How will the economy be affected in a Morrongo fashion? Peace does mean investment, of course it does, or at least it will encourage some investment, but please don’t sell it as the whole package! Temper those expectations Messrs. Santos, Cardenas and co please! There will be economic growth over time.
The “Post Accord” or “Post Conflict” or perhaps “Post Peace” situation
I added that last term ironically, but if you want to use it…then I claim it now! Don’t hate me for saying this but there is never going to be a true “peace” in Colombia as we from the northern hemisphere interpret the term. Colombia can try to imitate a Scandinavian nation but will come off as a pale imitation at best. Like Panda Cola to Coca Cola. Things are going to be tough here in Colombia, there is already a heady game of misinformation underway between all sides about how the demobilization, disarmament and reintegration of the FARC is meant to take place. Expect more of this to occur in coming months, and in particular, watch out for “fake news” or better yet, dumb ass news meant to outrage us and cover up the real dramas damaging to the government.
Who is being Morrongo now? While Colombia and President Santos continue to enjoy the fortunes cast on a country and an individual for the Nobel Prize, nothing is being done to eradicate the systematic, calculated and unhindered assassinations of leftist community leaders across the country.
2017 is a campaign year. We know the identities of most of those in the running for the top job in 2018. The worst kept secret, so badly kept in fact that it was never secret is the inevitable run at the Presidency by current VP Vargas Lleras. One wouldn’t bet against him in any contest since he has been travelling the length and breadth of the country ostensibly on VP duties and using the opportunity to advance his position. You could say that ever since he was discharged from hospital he has been on an unofficial presidential campaign trail. The machinery behind his campaign is pretty formidable. That slap delivered to his driver in public came too early to damage his chances overall.

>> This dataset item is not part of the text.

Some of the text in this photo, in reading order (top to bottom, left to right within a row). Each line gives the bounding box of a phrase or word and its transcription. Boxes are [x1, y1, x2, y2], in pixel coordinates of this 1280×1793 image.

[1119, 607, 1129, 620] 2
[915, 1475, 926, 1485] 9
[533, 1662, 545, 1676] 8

Claudia Lopez, a progressive business-like senator threw her hat into the ring early in January and while she may be popular amongst urban liberals, her image and name don’t hold much sway in the regions. Who will be the Uribista candidate…I suppose there’ll be a tussle between the former presidential candidate Oscar Ivan Zuluaga and the former Attorney General Alejandro Ordoñez. We can also expect the popular and efficient (housewives’ favorite for his mildly Byronic appearance) Governor of Antioquia and former Mayor of Medellin Sergio Fajardo to pitch in with a bid too. The former mayor of Bogotá Gustavo Petro will call out to the populists from his balcony but I fear the wind will be sucked from the sails of his political ship by the popularity of Claudia Lopez.

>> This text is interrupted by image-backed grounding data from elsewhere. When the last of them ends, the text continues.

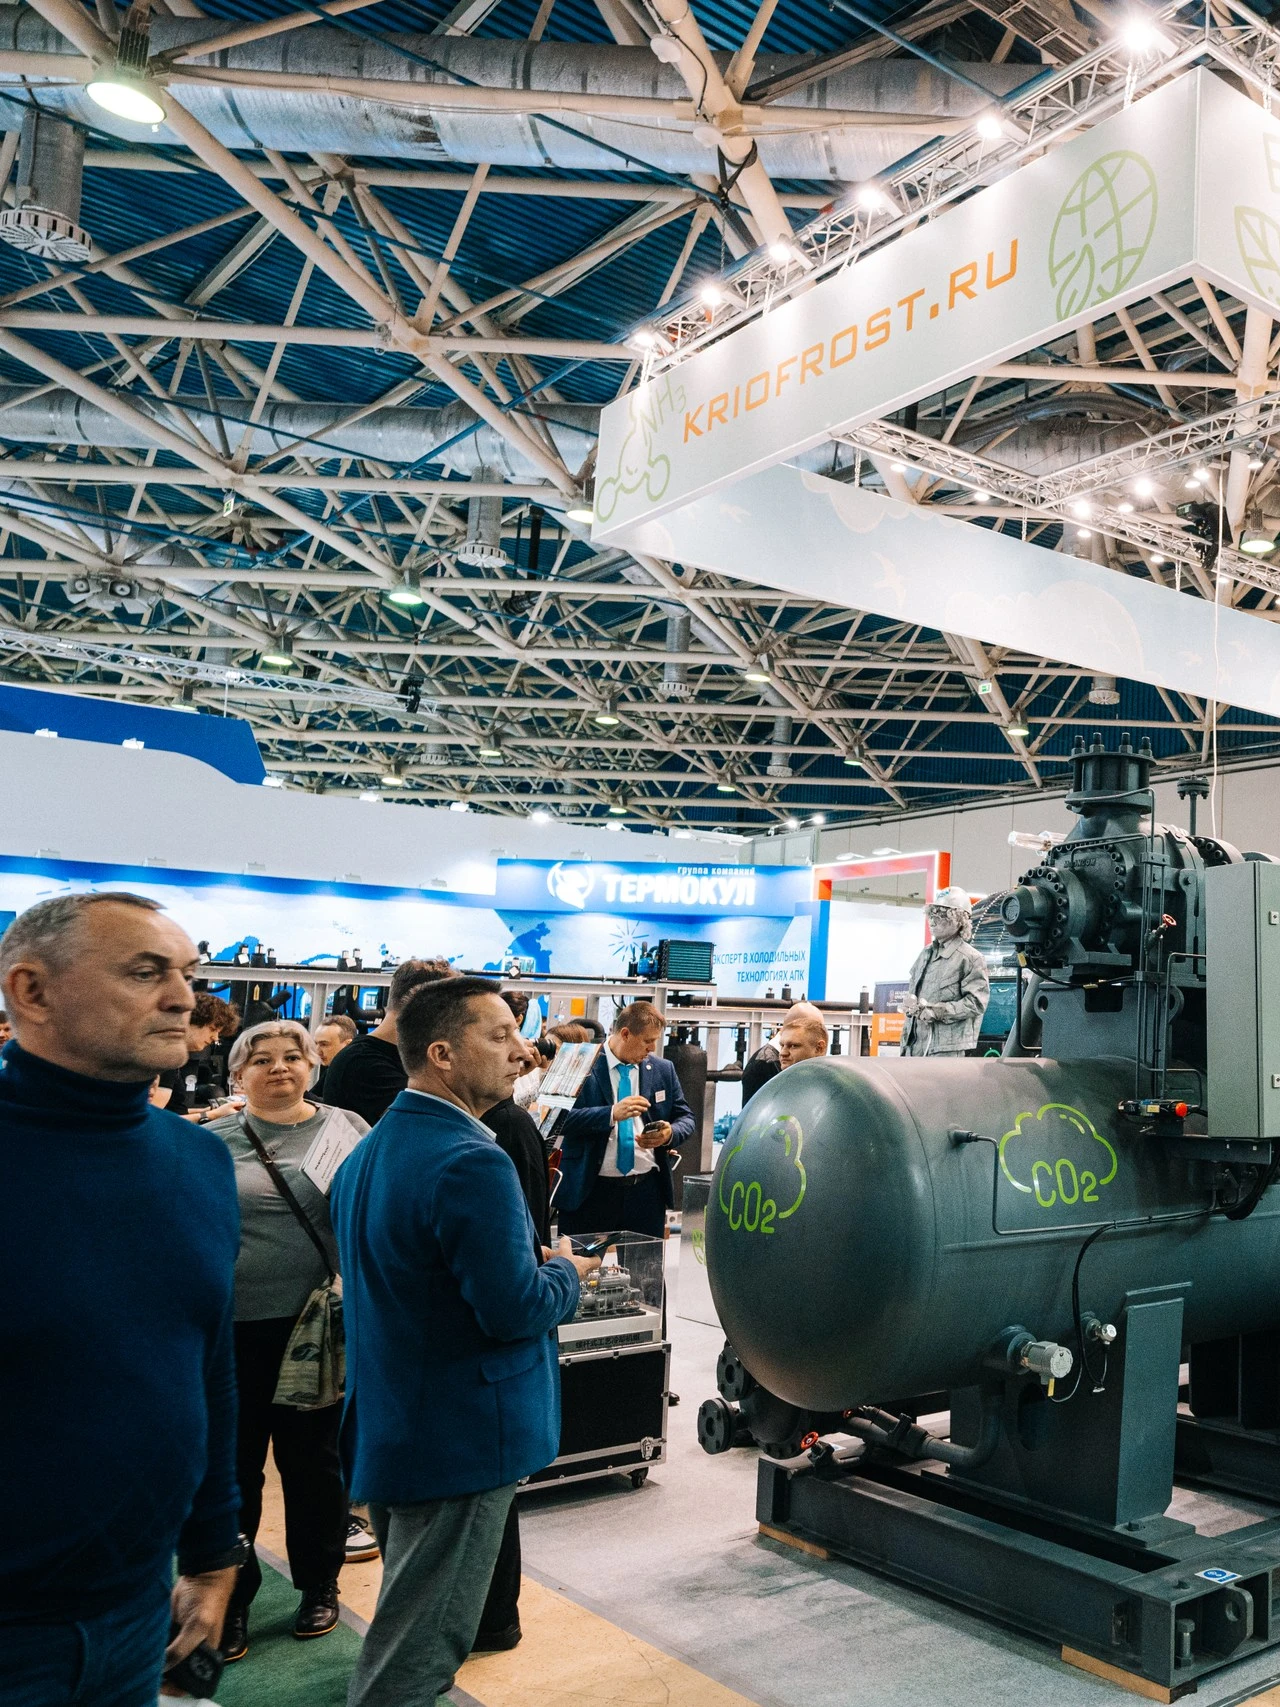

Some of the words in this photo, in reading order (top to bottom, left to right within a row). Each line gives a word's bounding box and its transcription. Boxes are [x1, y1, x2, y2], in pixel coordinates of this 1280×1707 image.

[683, 239, 1018, 444] KRIOFROST.RU
[677, 866, 709, 876] группа
[711, 867, 756, 876] компаний
[602, 874, 756, 906] ТЕРМОКУЛ
[712, 953, 742, 965] ЭКСПЕРТ
[743, 952, 748, 964] В
[749, 950, 806, 964] ХОЛОДИЛЬНЫХ
[737, 970, 788, 982] ТЕХНОЛОГИЯХ
[789, 970, 805, 981] АПК

Morrongo? All of them of course! Ordoñez, Lopez, Vargas Lleras, Fajardo, Petro and beyond are all capable of being Morrongo in the battle for the presidency. As Colombians say, a Morrongo is capable of throwing a stone and then hiding their hand to avoid capture. A Morrongo will express shock and outrage at corruption but will endorse corrupt regimes or businesses and on the examples go.
So, here’s to 2017 the year of the Morrongo in Colombia.
Say what you want about Ordóñez, he's a good campaigner. He would win any CD primary and would make it to the 2nd round, so the question is who's the best of the non-uribista rest. None of them are moving me. And I like Santos so it's not like I have impossibly high standards.